Нет, Гавриил Попов так просто из политики не уйдет. Но в конце концов должны все-таки созреть условия, чтобы теоретикам воровских политмалин всероссийского масштаба подобрали достойную среду обитания в местах не столь отдаленных, а буревестникам номенклатурных революций окончательно свернули голову.

Белые одежды голого короля (Юрий Лужков)

Вот наш новый герой ведет светскую беседу с американским бизнесменом. Его глаза светятся добродушием, лицо сияет улыбками. Он — само обаяние. Вот он возвращается в свой кабинет. Лицо становится злым. Наш герой бросает своему секретарю что-то грубое и властное. Тот суетится, боясь попасть под горячую руку. А вот цветная фотография нашего героя в голом виде на обложке журнала «Столица». Здесь все перемешалось. На лице одновременно и улыбка, и колючие глаза. Луноликая голова посажена на распертое жировыми прослойками и покрытое редкой щетиной тело. Образ, созданный фотожурналистом, настолько ярок, что кое-кому может напомнить «видеоужастики» о сексуальных маньяках.

Это Юрий Михайлович Лужков. В Москве его, как говориться, каждая собака знает.

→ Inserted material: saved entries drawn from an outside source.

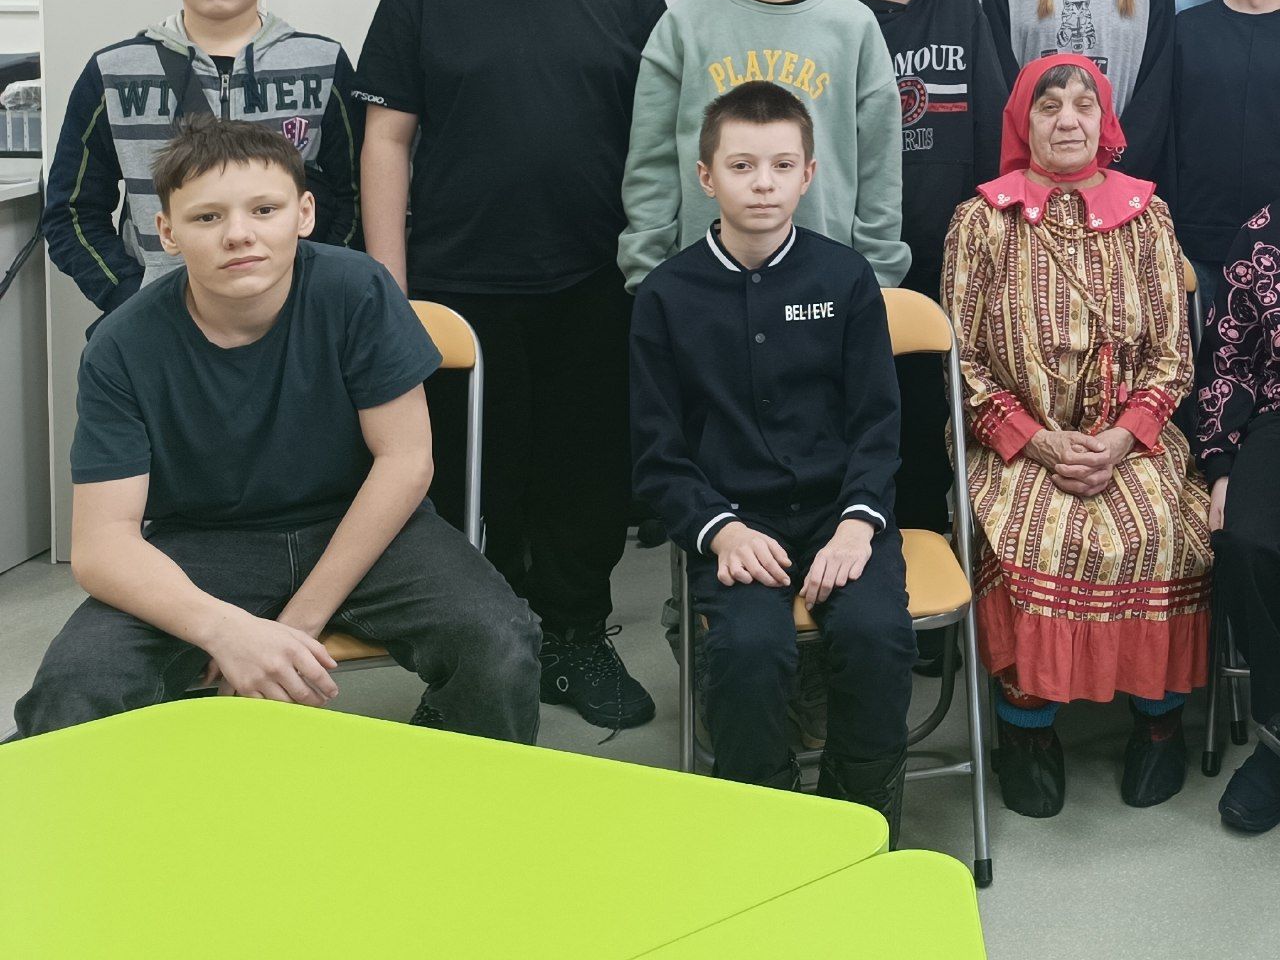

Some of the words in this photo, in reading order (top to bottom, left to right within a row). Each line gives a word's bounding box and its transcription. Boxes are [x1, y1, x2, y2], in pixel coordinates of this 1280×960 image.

[707, 48, 831, 100] PLAYERS
[894, 44, 967, 77] MOUR
[116, 73, 323, 117] WINER
[902, 127, 934, 152] RIS
[784, 300, 835, 322] BELIEVE

Рассказывают о таком эпизоде. В апреле 1994 г. накануне праздника Пасхи мэр Москвы Лужков в компании друзей смотрел часовую заказную телепередачу о своей роли в восстановлении православного храма на Красной площади. Хозяин Москвы выглядел в фильме весьма и весьма солидно. После окончания передачи телевизор случайно не выключили и вслед за рекламной паузой с экрана вдруг начали вещать что-то совсем непонятное. "Что сделали с нашей Москвой", — говорил голос за кадром. А в кадре целых 20 минут демонстрировались явные признаки бесхозяйственности, антисанитарии и запустения в столице. Лужков тогда пришел в ярость. Такими трудами созданный образ хозяина прекрасного города рассыпался на глазах. Такого города не существовало! В тот же вечер мэр оказался в кабинете начальника московских телепрограмм и устроил разнос. Передачу запретили, сняв с эфира другие подготовленные материалы. Борьба за чистоту и незапятнанность образа мэра Москвы продолжалась.

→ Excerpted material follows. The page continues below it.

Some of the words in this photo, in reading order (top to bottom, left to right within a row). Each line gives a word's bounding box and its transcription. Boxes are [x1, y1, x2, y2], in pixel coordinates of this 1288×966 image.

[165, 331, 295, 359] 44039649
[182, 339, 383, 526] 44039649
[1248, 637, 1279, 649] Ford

Вокруг личности главного московского администратора Ю. М. Лужкова столичная пресса несколько лет создавала ореол выдающегося хозяйственника, "своего парня" и в чем-то даже интеллигентного человека. Поток интервью, портретных зарисовок, телерепортажей не ослабевал. Лужков становился все краше и привлекательней. Точнее, все краше был его образ, созданный газетной и телевизионной мифологией. Только крайне оппозиционные издания, рассчитанные на узкий круг читателей, публиковали критические материалы, касающиеся Лужкова.

Прессе, освободившейся от опеки КПСС, но тут же попавшей в зависимость от денежных мешков (вынесенных из подвалов той же КПСС), приходится сегодня обходить наиболее щекотливые моменты из биографии всесильного Лужкова. Например, о его роли в октябрьских событиях октября 1993 г. Где в эти дни находился Лужков, какие команды отдавал? Если журналисты не задают вопросов на эту тему, то и вся предыстория уходит в тень. Исчезают события 1 мая 1993 г. на Гагаринской площади, забываются расправы над демонстрантами в Останкино, меркнет в памяти первая кровь, пролитая в праздник Вооруженных Сил в 1992 году.

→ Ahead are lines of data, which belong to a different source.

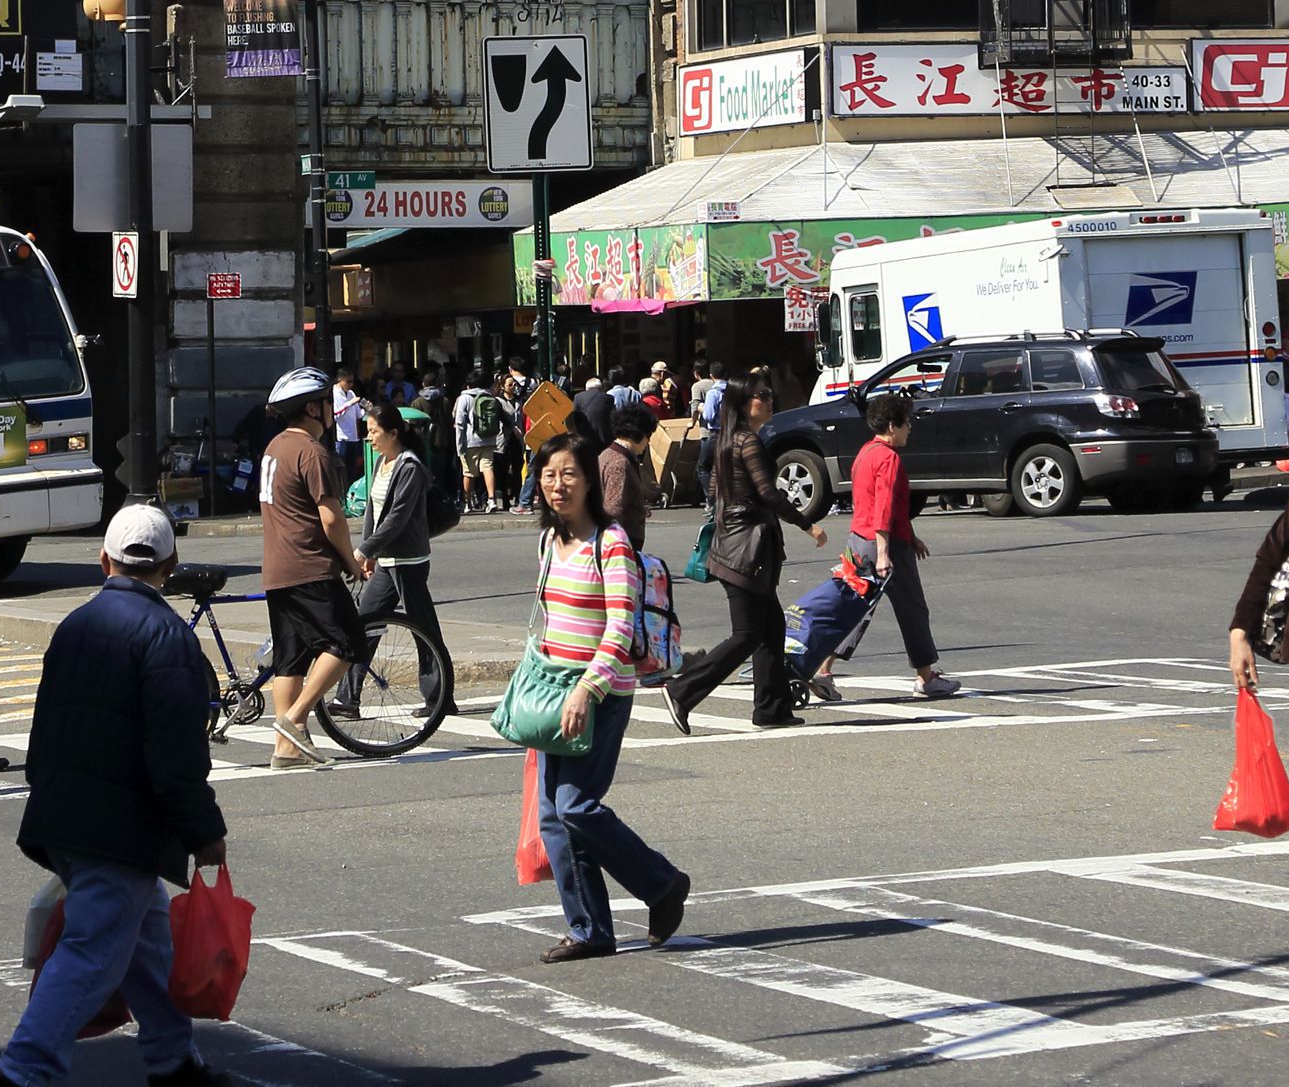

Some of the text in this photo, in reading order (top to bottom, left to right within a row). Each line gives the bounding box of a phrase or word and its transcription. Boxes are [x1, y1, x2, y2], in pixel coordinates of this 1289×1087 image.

[227, 13, 237, 23] TO
[227, 22, 296, 34] BASEBALL SPOKEN
[839, 51, 1125, 113] 長江超市
[1131, 74, 1171, 88] 40-33
[719, 65, 795, 124] Food Market
[1122, 95, 1185, 109] MAIN ST.
[334, 174, 367, 189] 41 AV
[364, 190, 467, 218] 24 HOURS
[481, 202, 509, 213] LOTTERY
[1067, 221, 1118, 233] 4500010
[565, 234, 645, 291] 長江超市
[976, 283, 988, 296] We
[988, 280, 1012, 296] Deliver
[1012, 280, 1024, 294] For

От созданного прессой и телевидением наваждения рано или поздно все-таки надо избавляться. Для этого придется посмотреть на биографию Лужкова без восторгов, без наивности, без такой привычной для журналистов любви к сильным мира сего.


ВДРУГ-БИОГРАФИЯ


Дономенклатурное прошлое хозяина Москвы скрыто мраком. Кроме его работы дворником во время тяжких студенческих лет в Институте нефти и газа им. Губкина, почти ничего о нем не известно. Говорят, отец Лужкова был сначала плотником, а потом как-то вдруг превратился в замдиректора нефтебазы. Такое же «вдруг» получается и в биографии Лужкова, который только поначалу пошел по нефтяным отцовским стопам. В НИИ пластмасс за шесть лет он прошел путь от научного сотрудника до начальника лаборатории. Вроде бы неплохое начало для карьеры.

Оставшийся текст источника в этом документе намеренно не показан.